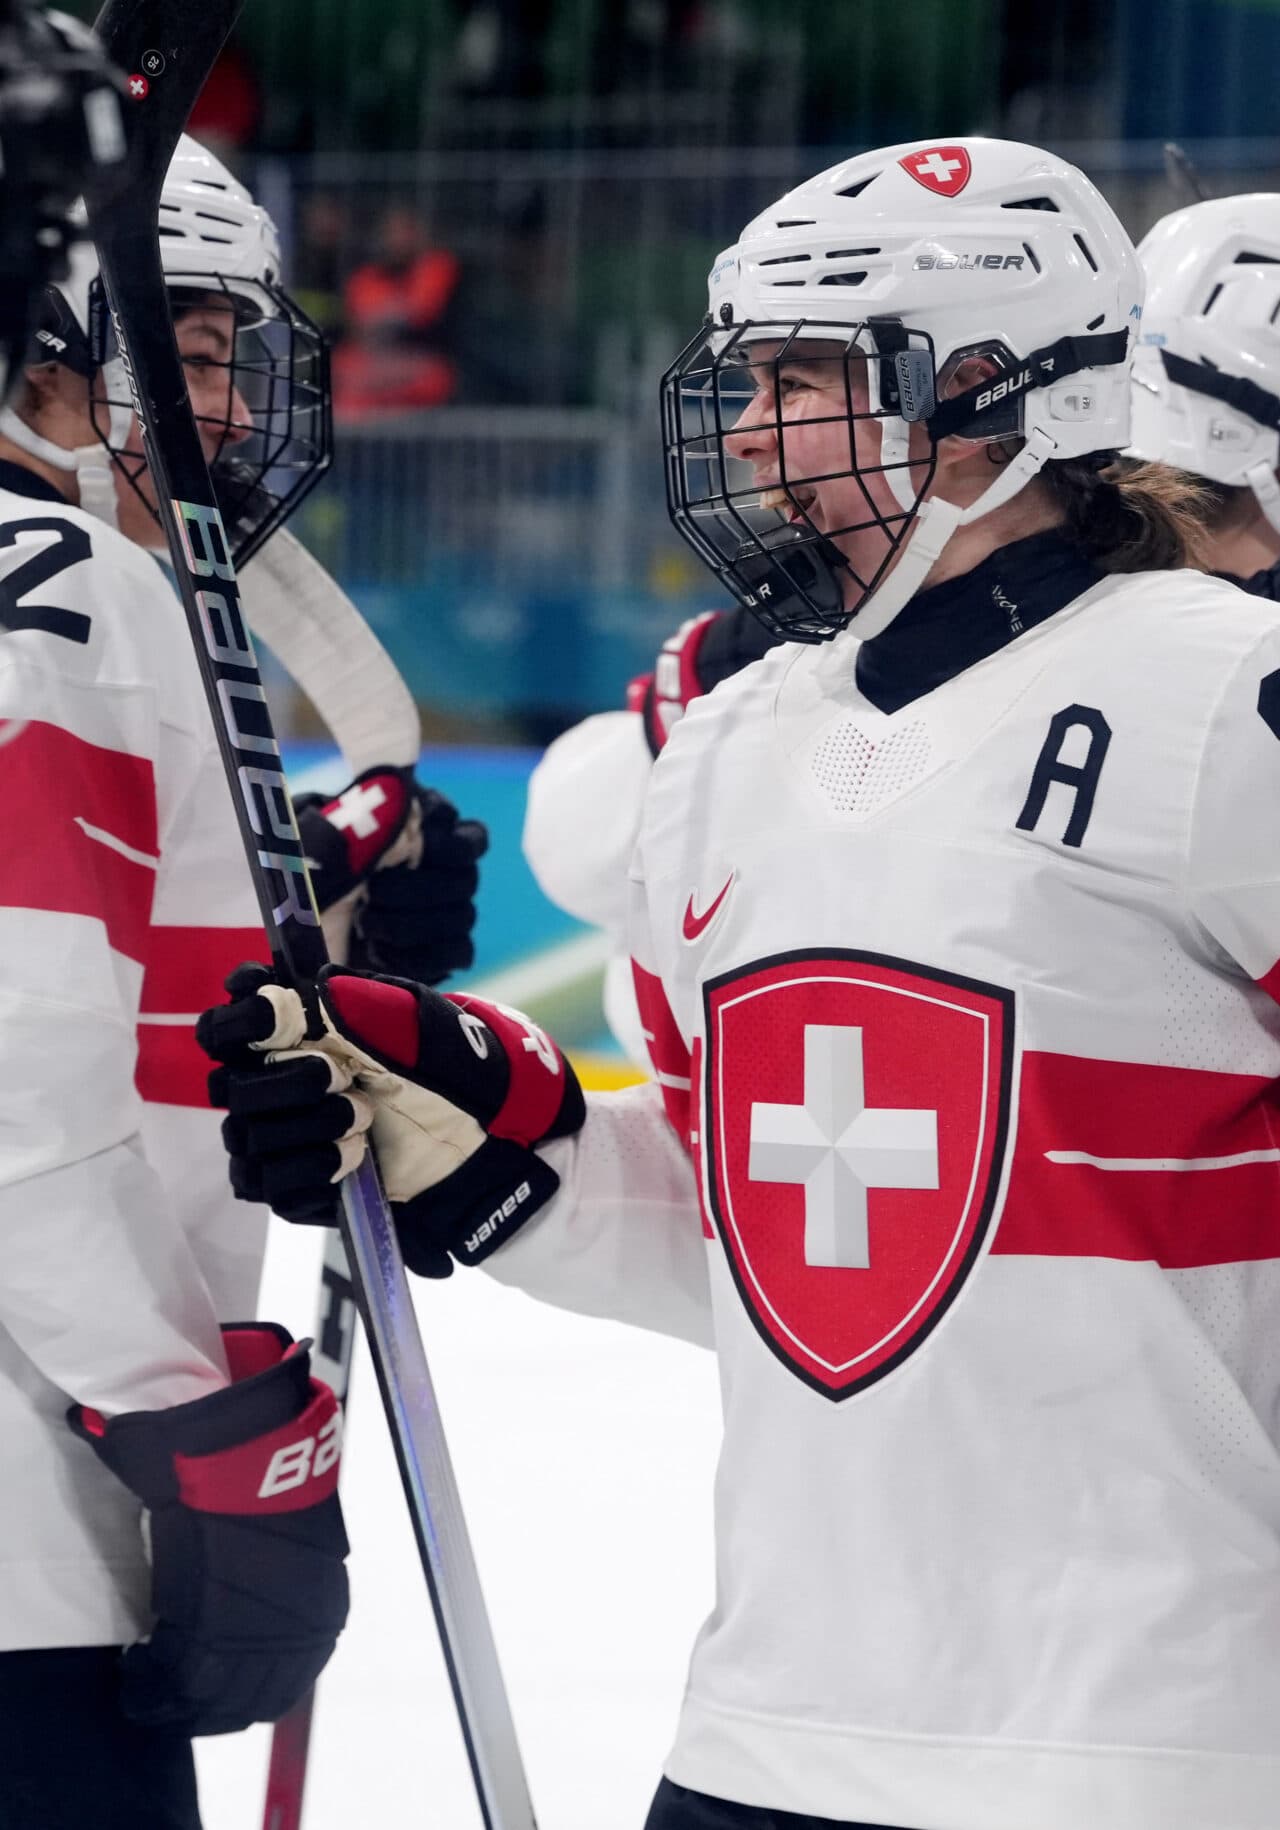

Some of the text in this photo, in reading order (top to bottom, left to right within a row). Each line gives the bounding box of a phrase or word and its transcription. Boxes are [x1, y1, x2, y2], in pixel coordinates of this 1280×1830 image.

[912, 254, 1025, 271] BAUER
[900, 356, 915, 412] BAUER
[170, 499, 321, 928] BAUER
[1015, 703, 1113, 848] A
[464, 1180, 533, 1253] BAUER

★ ★ ★ ★

### Problem statement
Each entry above is to be written out again unchanged, apart from the pictures, which are left out.

### Answer to this exercise
Some of the text in this photo, in reading order (top to bottom, left to right within a row). Each line gives the bounding box of a phrase or word and its transcription. Boxes are [x1, y1, x2, y2], in pixel coordinates of this 1280×1830 image.

[912, 254, 1025, 271] BAUER
[900, 356, 915, 412] BAUER
[170, 499, 321, 928] BAUER
[1015, 703, 1113, 848] A
[464, 1180, 533, 1253] BAUER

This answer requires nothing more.